Esa noche parecía completamente indiferente y ella intuyó vagamente que estaba de mal humor.
¿Seguiría preocupado por el divorcio?
Stella lo pensó un momento antes de bajar la mirada.
No estaba segura de cuánto tiempo había pasado antes de que finalmente llegaran a su villa.
Las villas de esta zona estaban muy separadas entre sí y cada una era mucho más grande que la de Miley. Las plantas que las rodeaban les daban un aire de sofisticación.
Stella siguió a Matthew al interior, bajando ligeramente la cabeza.
—Señor Clark. Al oír que se abría la puerta, la criada, Erin, se apresuró a acercarse. —¿Quiere que le prepare un baño caliente? —preguntó, con evidente preocupación al ver las gotas de agua en su pelo.
«Déjeme solo».
Echando un rápido vistazo a Stella, Matthew ordenó: «Pero para ella, traiga una toalla de baño y un paraguas».
Después de dar sus instrucciones, subió las escaleras.
Levantando inconscientemente la mano, Stella se cubrió la cabeza y miró a su alrededor en busca de algún tipo de refugio.
Desgraciadamente, no había nada a la vista.
La lluvia arreciaba por momentos.
Matthew la miró y le ofreció: «Puedes refugiarte en mi villa hasta que pare de llover».
«No, gracias, estoy bien», rechazó Stella, que no quería refugiarse en la villa de un hombre, especialmente cuando ese hombre era su jefe.
Le hizo un gesto con la mano para que se marchara y añadió: «Gracias por su generosidad, pero prefiero volver. No se preocupe por mí. Vaya a casa».
«Entonces llévese un paraguas».
La voz de Matthew no dejaba lugar a discusiones.
«De acuerdo, gracias», dijo Stella, demasiado avergonzada para volver a negarse.
Matthew se quedó allí mirándola durante un buen minuto antes de darse la vuelta y dejarla atrás.
Corriendo detrás de él, Stella luchó por seguirle el ritmo a sus largas zancadas.
La luz de la farola alargaba sus sombras detrás de ellos.
Stella lo miró, iluminada por la luz de la farola. Al observar su espalda, se dio cuenta de lo solo que parecía.
Esa noche parecía completamente indiferente y ella intuyó vagamente que estaba de mal humor.
¿Seguía preocupado por el divorcio?
Stella lo pensó por un momento antes de bajar la mirada.
No estaba segura de cuánto tiempo había pasado antes de que finalmente llegaran a su villa.
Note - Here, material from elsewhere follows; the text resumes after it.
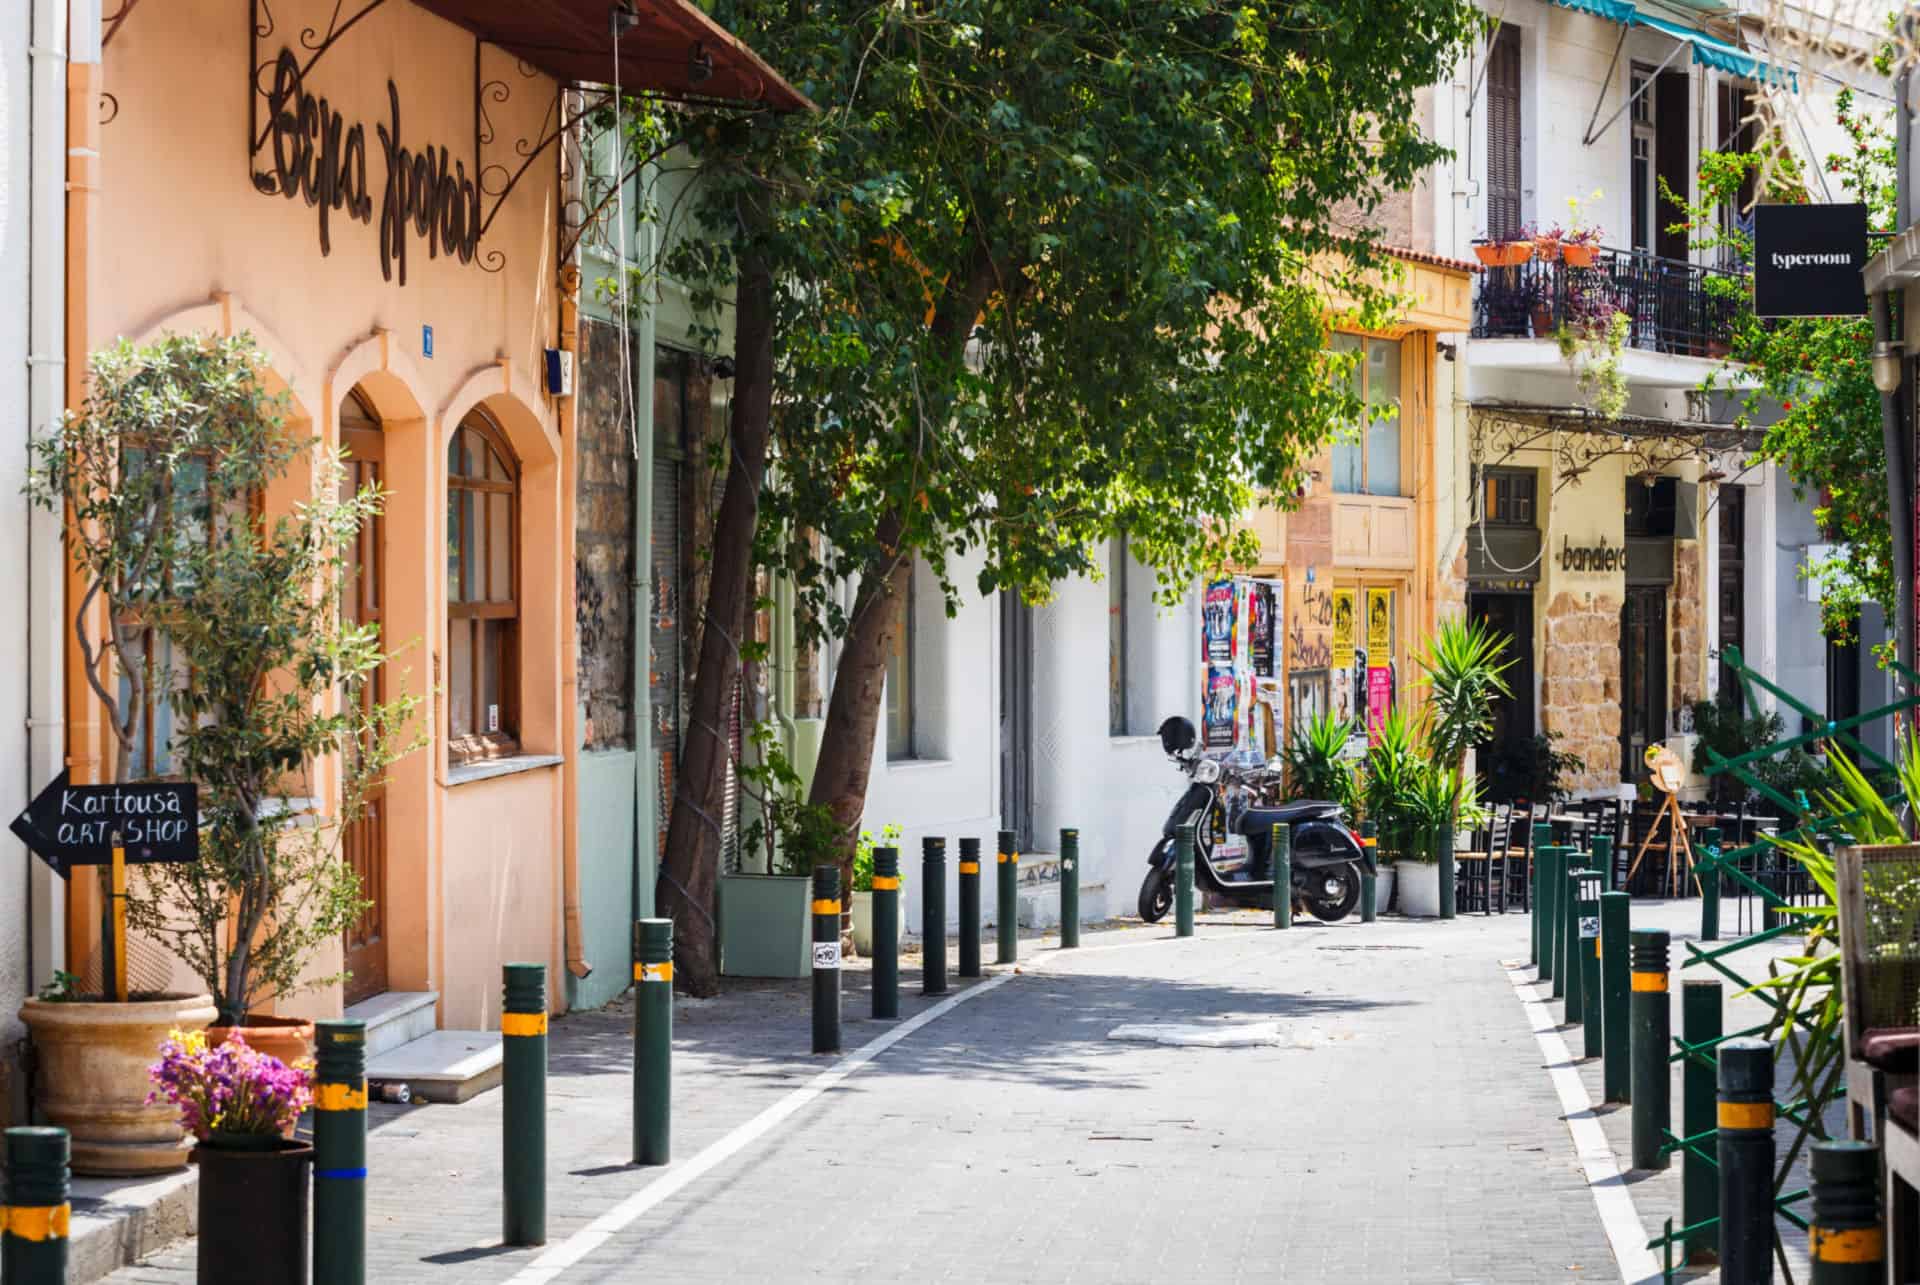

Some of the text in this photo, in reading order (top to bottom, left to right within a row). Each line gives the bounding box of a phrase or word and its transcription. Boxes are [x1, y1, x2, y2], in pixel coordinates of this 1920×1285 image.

[1771, 252, 1851, 269] typeroom
[61, 788, 182, 816] Kartousa
[127, 819, 188, 845] SHOP
Las villas de esta zona estaban muy separadas entre sí y cada una era mucho más grande que la de Miley. Las plantas que las rodeaban les daban un aire de sofisticación.
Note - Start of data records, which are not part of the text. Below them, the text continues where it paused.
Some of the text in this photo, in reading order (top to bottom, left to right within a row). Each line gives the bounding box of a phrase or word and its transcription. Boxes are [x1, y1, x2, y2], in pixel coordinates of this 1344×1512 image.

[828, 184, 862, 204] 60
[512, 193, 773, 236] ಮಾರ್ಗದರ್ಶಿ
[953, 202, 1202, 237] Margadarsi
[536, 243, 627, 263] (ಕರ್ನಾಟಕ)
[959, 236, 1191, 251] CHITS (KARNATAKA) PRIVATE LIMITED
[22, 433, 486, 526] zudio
Stella siguió a Matthew al interior, bajando ligeramente la cabeza.
—Señor Clark. Al oír que se abría la puerta, la criada, Erin, se apresuró a acercarse. —¿Quiere que le prepare un baño caliente? —preguntó, con evidente preocupación al ver las gotas de agua en su cabello.
—Déjame solo.
Tras echar un rápido vistazo a Stella, Matthew ordenó: —Pero para ella, trae una toalla de baño y un paraguas.
Después de dar sus instrucciones, subió las escaleras.